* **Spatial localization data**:
+++

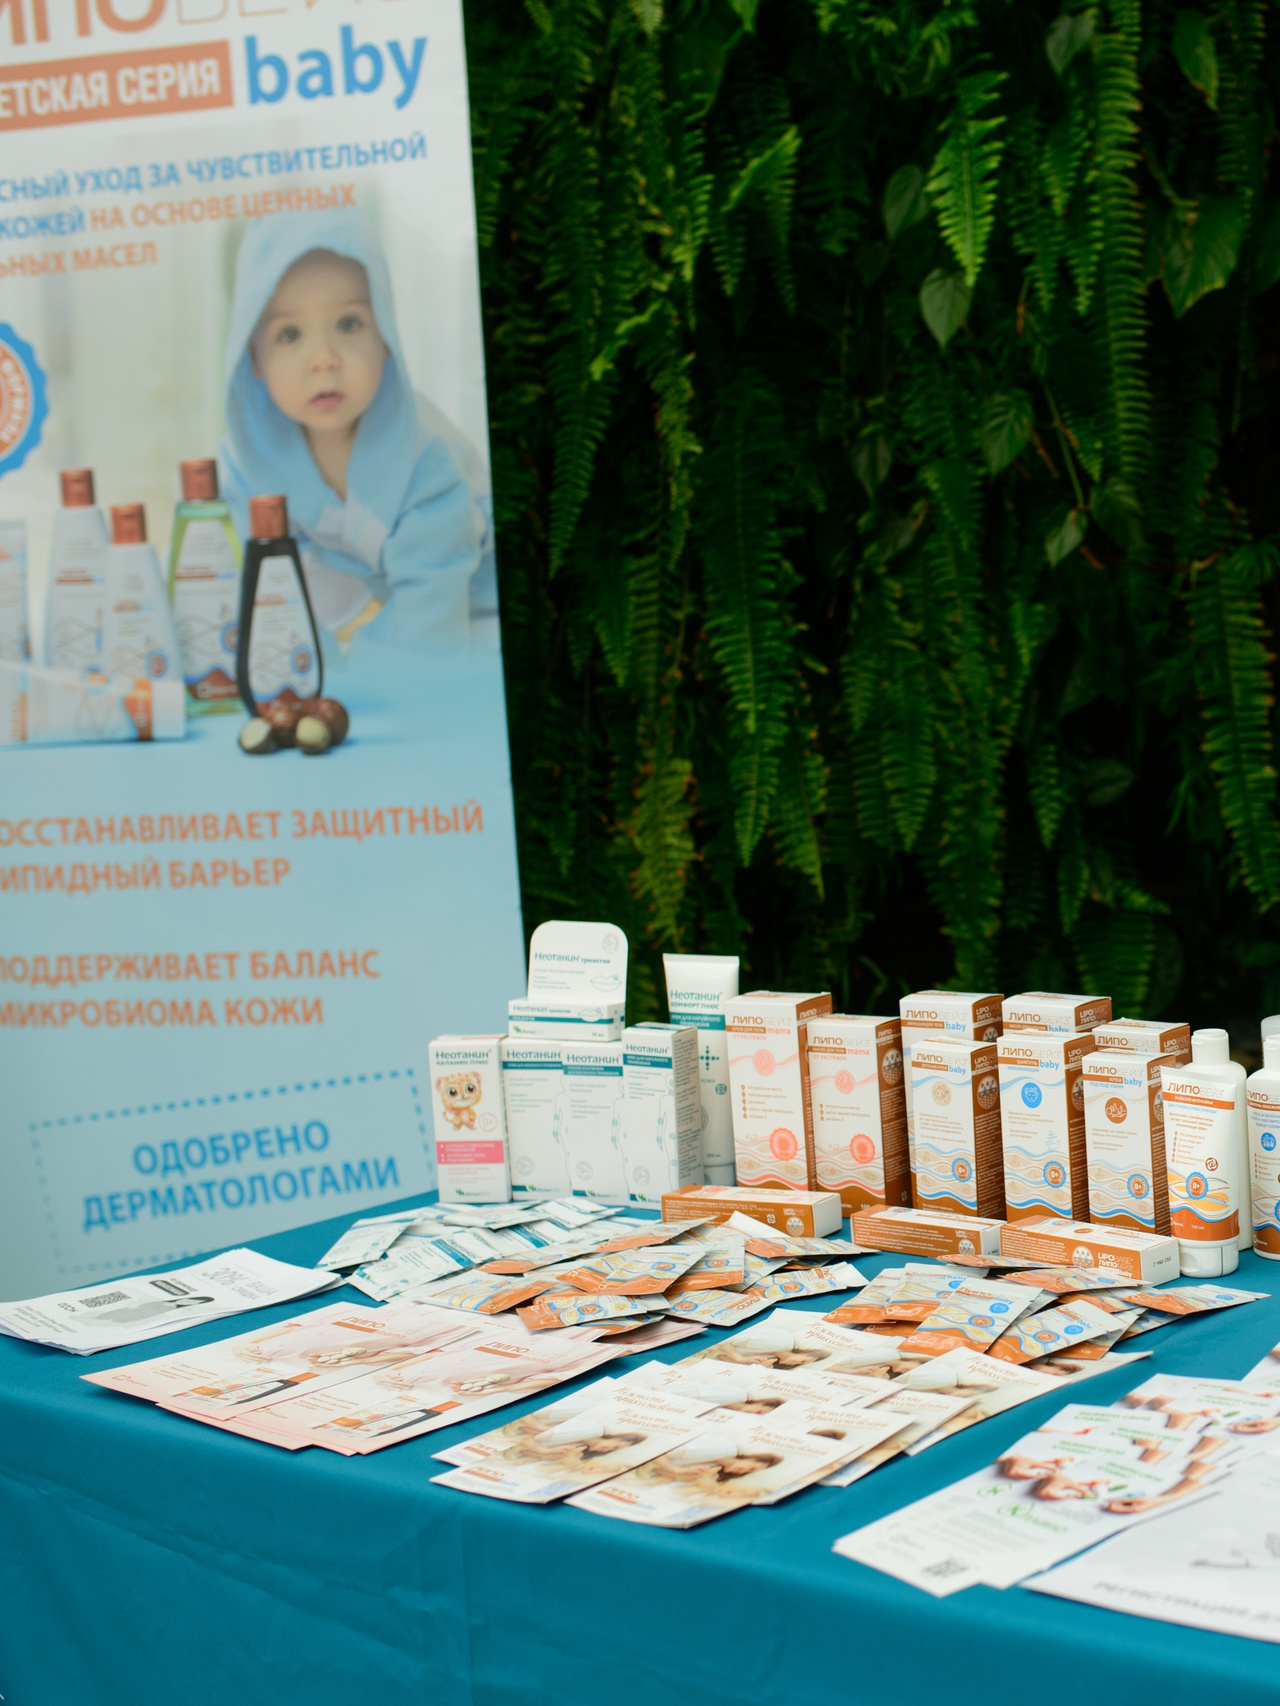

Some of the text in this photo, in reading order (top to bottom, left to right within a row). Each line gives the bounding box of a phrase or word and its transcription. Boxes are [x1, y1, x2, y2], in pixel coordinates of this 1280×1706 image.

[244, 25, 428, 111] baby
[117, 58, 221, 104] СЕРИЯ
[0, 132, 428, 201] СНЫЙ УХОД ЗА ЧУВСТВИТЕЛЬНОЙ
[0, 183, 358, 241] КОЖЕЙ НА ОСНОВЕ ЦЕННЫХ
[72, 241, 158, 272] МАСЕЛ
[0, 799, 484, 848] ОССТАНАВЛИВАЕТ ЗАЩИТНЫЙ
[0, 857, 291, 895] ИПИДНЫЙ БАРЬЕР
[534, 952, 580, 964] Неотанин
[0, 949, 381, 988] ПОДДЕРЖИВАЕТ БАЛАНС
[670, 990, 721, 1002] Неотанин
[0, 997, 324, 1029] МИКРОБИОМА КОЖИ
[906, 1010, 968, 1020] ЛИПОБЕЙЗ
[1009, 1012, 1071, 1024] ЛИПОБЕЙЗ
[732, 1015, 793, 1026] ЛИПОБЕЙЗ
[946, 1021, 966, 1032] baby
[767, 1027, 791, 1035] mama
[1048, 1025, 1069, 1033] baby
[813, 1036, 871, 1048] ЛИПОБЕЙЗ
[1097, 1035, 1157, 1049] ЛИПОБЕЙЗ
[506, 1049, 561, 1060] Неотанин
[626, 1044, 668, 1054] Неотанин
[847, 1048, 870, 1056] mama
[1002, 1047, 1061, 1060] ЛИПОБЕЙЗ
[436, 1051, 489, 1060] Неотанин
[567, 1054, 620, 1064] Неотанин
[916, 1053, 968, 1065] ЛИПОБЕЙЗ
[949, 1065, 966, 1075] baby
[1040, 1060, 1059, 1071] baby
[1088, 1065, 1144, 1078] ЛИПОБЕЙЗ
[1123, 1077, 1143, 1087] baby
[1167, 1082, 1224, 1099] ЛИПОБЕЙЗ
[132, 1119, 330, 1179] ОДОБРЕНО
[1192, 1181, 1202, 1190] 0+
[83, 1156, 401, 1234] ДЕРМАТОЛОГАМИ
[1098, 1252, 1133, 1264] LIPOBASE
[993, 1296, 1015, 1305] baby

+++

* **ACTIVITY**: Every line above carrying the word "mama" needs to be shown.

* **EXERCISE SOLUTION**:
[767, 1027, 791, 1035] mama
[847, 1048, 870, 1056] mama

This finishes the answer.